--- START ---

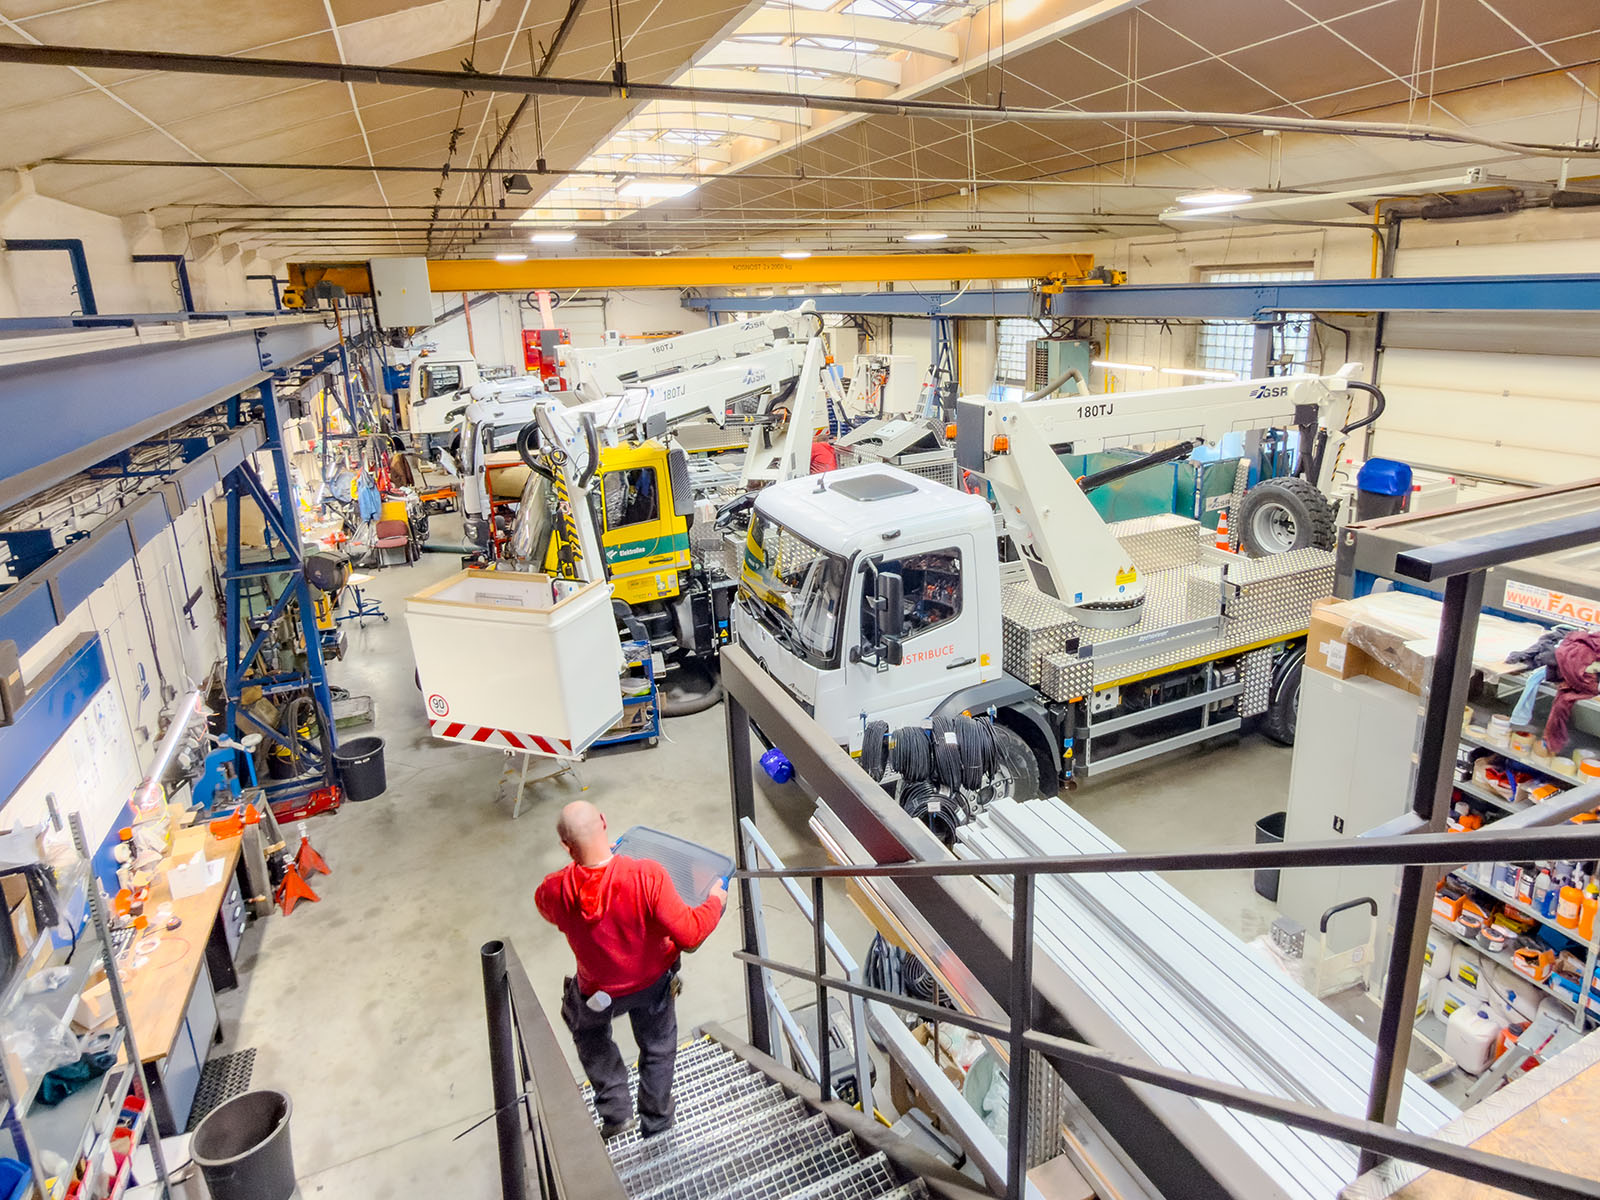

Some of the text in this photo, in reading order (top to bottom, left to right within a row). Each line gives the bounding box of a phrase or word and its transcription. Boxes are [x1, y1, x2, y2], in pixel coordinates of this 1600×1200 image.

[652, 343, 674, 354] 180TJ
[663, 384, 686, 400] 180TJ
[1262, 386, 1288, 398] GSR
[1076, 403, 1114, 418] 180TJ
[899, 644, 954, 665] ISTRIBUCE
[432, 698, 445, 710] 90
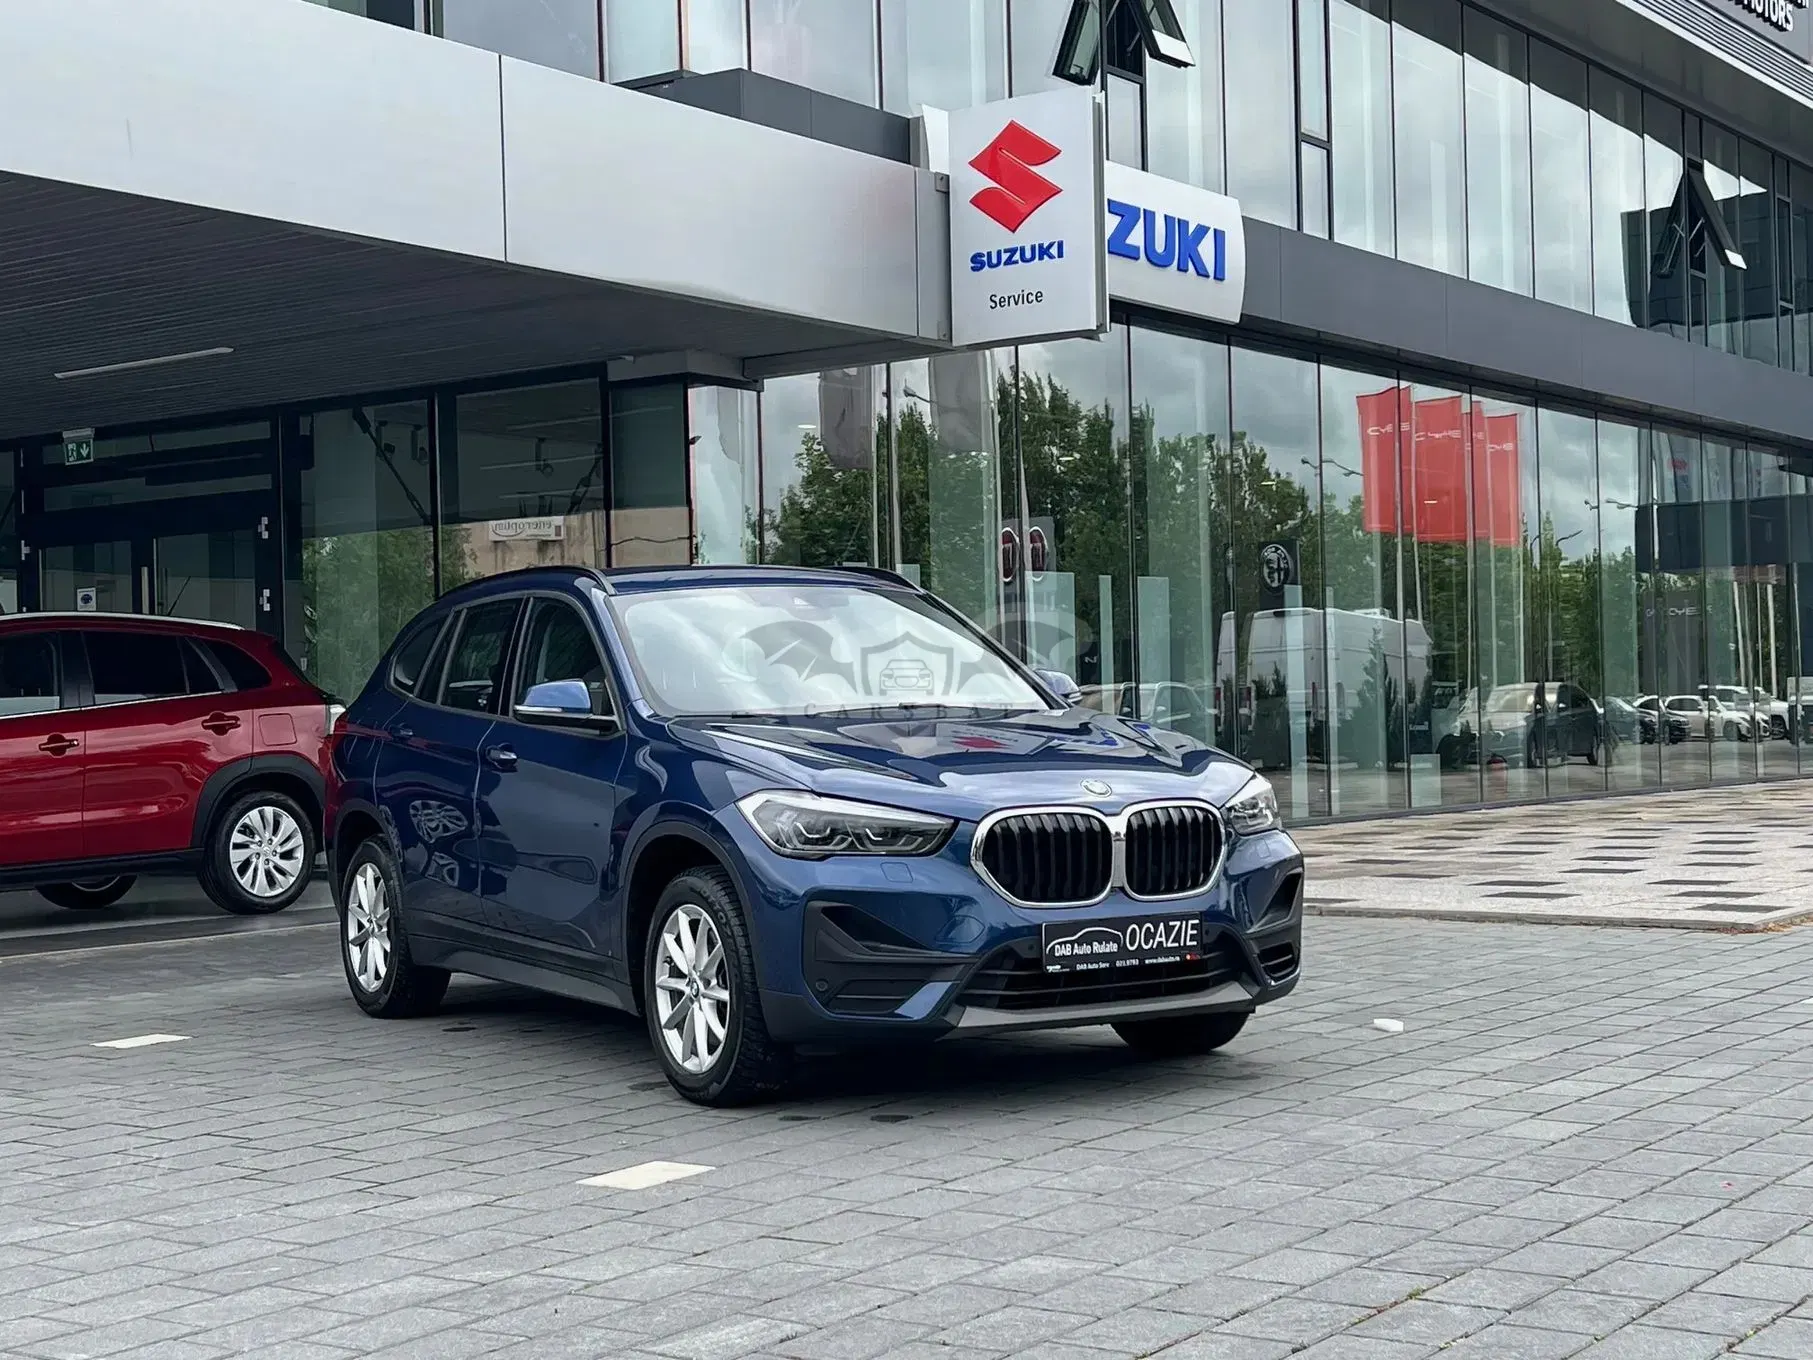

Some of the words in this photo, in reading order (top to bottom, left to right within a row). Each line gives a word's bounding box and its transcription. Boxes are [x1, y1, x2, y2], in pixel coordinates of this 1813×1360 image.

--- END ---

Word for word, reproduce all the data, but not the pictures.

RESPONSE BELOW:
Some of the text in this photo, in reading order (top to bottom, left to right within a row). Each line gives the bounding box of a phrase or word and its transcription. Boxes are [x1, y1, x2, y2], in pixel coordinates of this 1600×1200 image.

[652, 343, 674, 354] 180TJ
[663, 384, 686, 400] 180TJ
[1262, 386, 1288, 398] GSR
[1076, 403, 1114, 418] 180TJ
[899, 644, 954, 665] ISTRIBUCE
[432, 698, 445, 710] 90

Some of the words in this photo, in reading order (top to bottom, left to right within a row). Each line gives a word's bounding box and its transcription. Boxes are [x1, y1, x2, y2], in pixel coordinates of this 1813×1360 image.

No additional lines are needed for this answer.